Biological Sovereignty Protocol
Official Whitepaper
The protocol that gives every human being permanent sovereignty over their own biology.
Abstract
Abstract
The global health system is built on a fundamental structural failure: individuals do not own their own biological data. Medical records belong to hospitals. Lab results belong to laboratories. Wearable data belongs to technology companies. When a person changes their doctor, moves to another city, or simply wants to understand their own body, they encounter walls — not bridges.

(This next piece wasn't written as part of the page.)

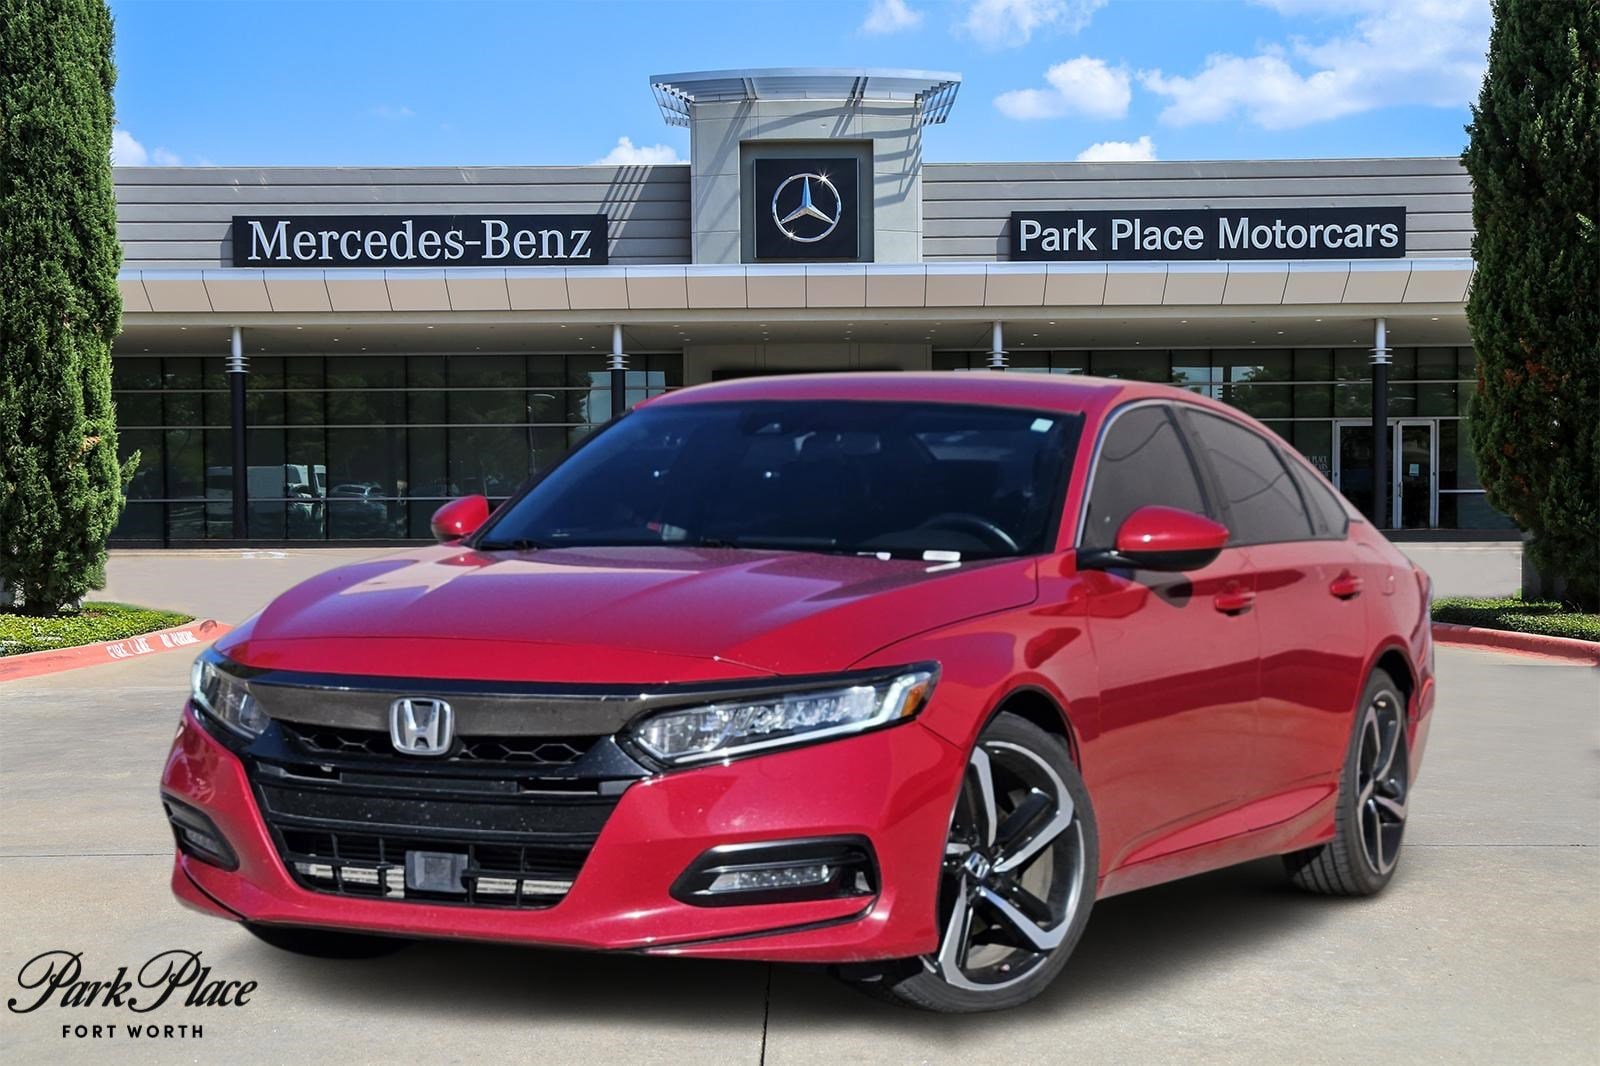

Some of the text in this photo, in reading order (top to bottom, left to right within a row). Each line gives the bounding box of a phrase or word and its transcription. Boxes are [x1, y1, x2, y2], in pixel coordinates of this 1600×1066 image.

[247, 219, 592, 260] Mercedes-Benz
[1019, 217, 1399, 252] Park Place Motorcars

The Biological Sovereignty Protocol (BSP) is an open standard that changes this at the infrastructure level. BSP defines a universal language for exchanging health and longevity data — a common format that any laboratory, wearable device, health platform, telemedicine service, or artificial intelligence engine can implement. Once implemented, data stops living in silos and starts living where it belongs: with the individual.
BSP is not a product. It is a protocol — like HTTP is for the web, or SMTP is for email. Anyone can implement it. No one owns it. Anyone can create a biological identity on it. Anyone can submit data to it — subject only to the consent of the data owner. The Ambrósio Institute maintains the specification as a permanent, open standard.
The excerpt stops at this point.